- Awarded for: Quality jazz fusion performances
- Country: United States
- Presented by: National Academy of Recording Arts and Sciences
- First award: 1980
- Final award: 1991
- Website: www.grammy.com

= Grammy Award for Best Jazz Fusion Performance =

Honor presented to recording artists for quality jazz fusion performances

The Grammy Award for Best Jazz Fusion Performance was an award given to a song or album for excellence in the jazz fusion genre, a combination of rock and jazz. It was given at the Grammy Awards, which began in 1958 under the name Gramophone Awards. Honors in several categories are presented at the ceremony annually by the National Academy of Recording Arts and Sciences of the United States to "honor artistic achievement, technical proficiency and overall excellence in the recording industry, without regard to album sales or chart position".

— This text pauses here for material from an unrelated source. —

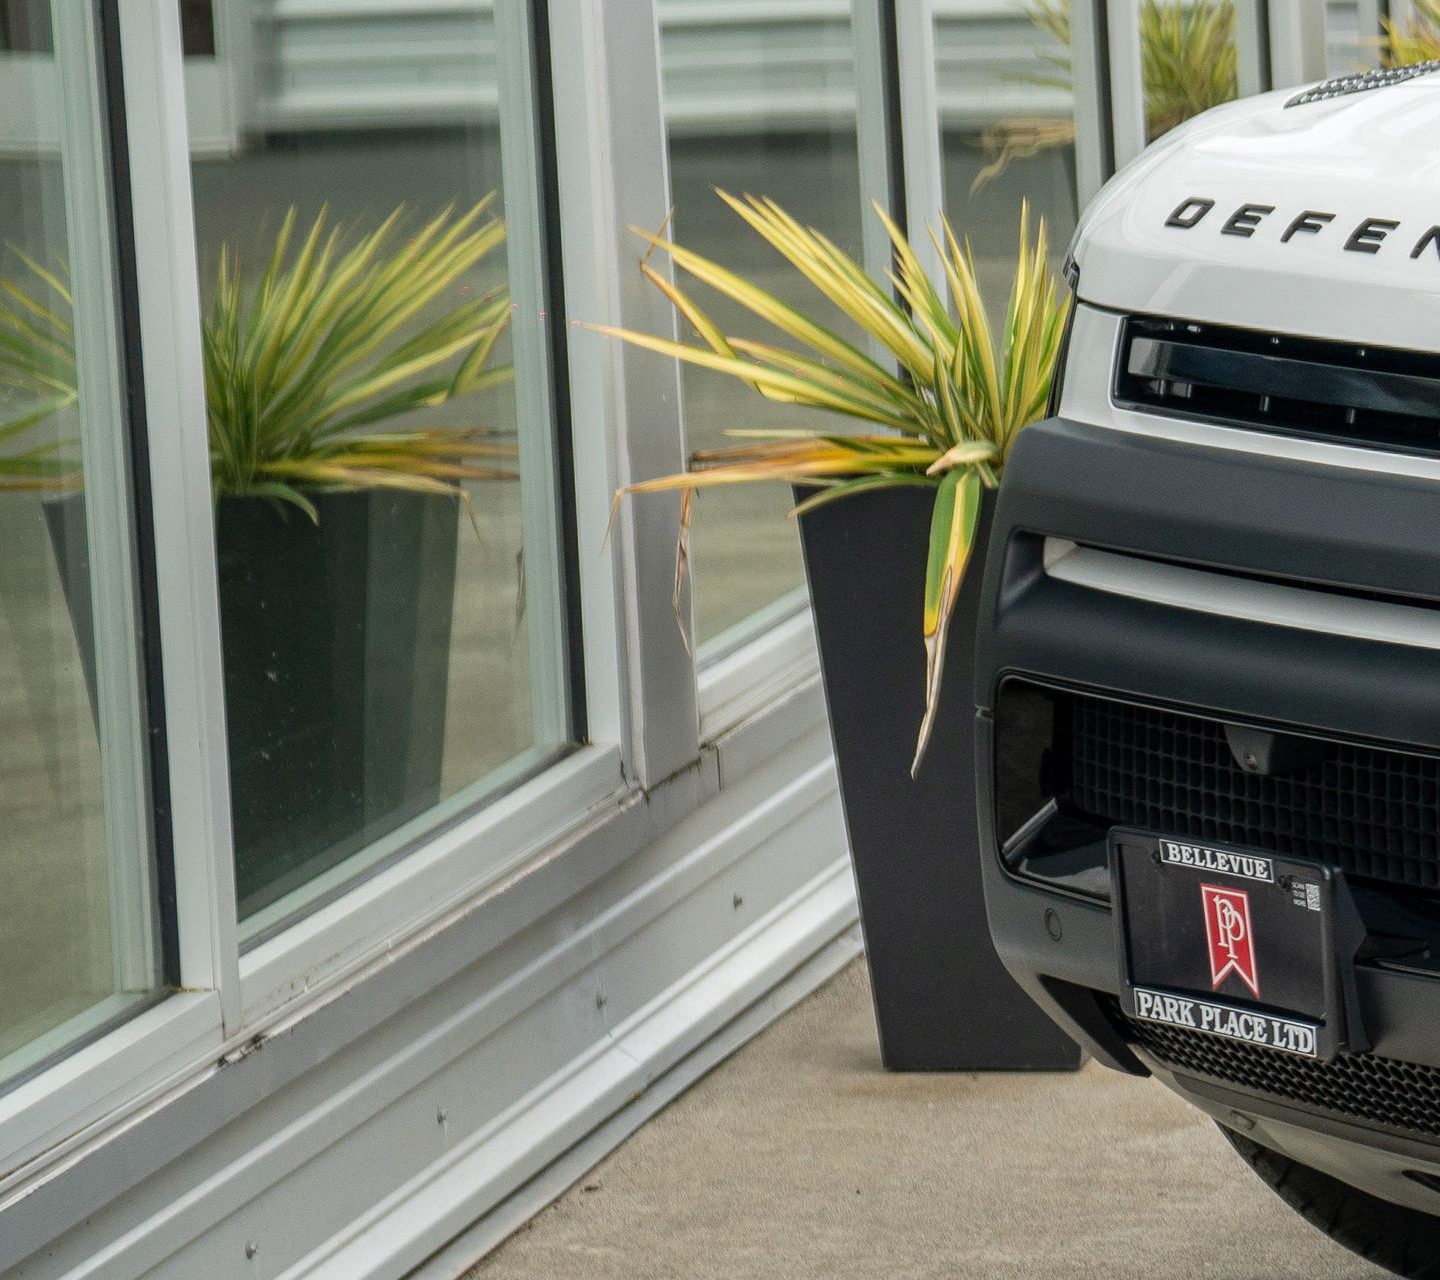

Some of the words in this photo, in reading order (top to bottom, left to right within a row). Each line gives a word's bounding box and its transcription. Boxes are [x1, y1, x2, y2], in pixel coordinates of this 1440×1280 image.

Originally called the Grammy Award for Best Jazz Fusion Performance, Vocal or Instrumental, the award was first presented to the jazz band Weather Report at the 22nd Grammy Awards in 1980 for the album 8:30. In 1988, the category name changed to Best Jazz Fusion Performance and was moved to a newly created Fusion field. The category name was retired before the 33rd Grammy Awards (1992) with the addition of the award for Best Contemporary Jazz Performance (currently known as Best Contemporary Jazz Album).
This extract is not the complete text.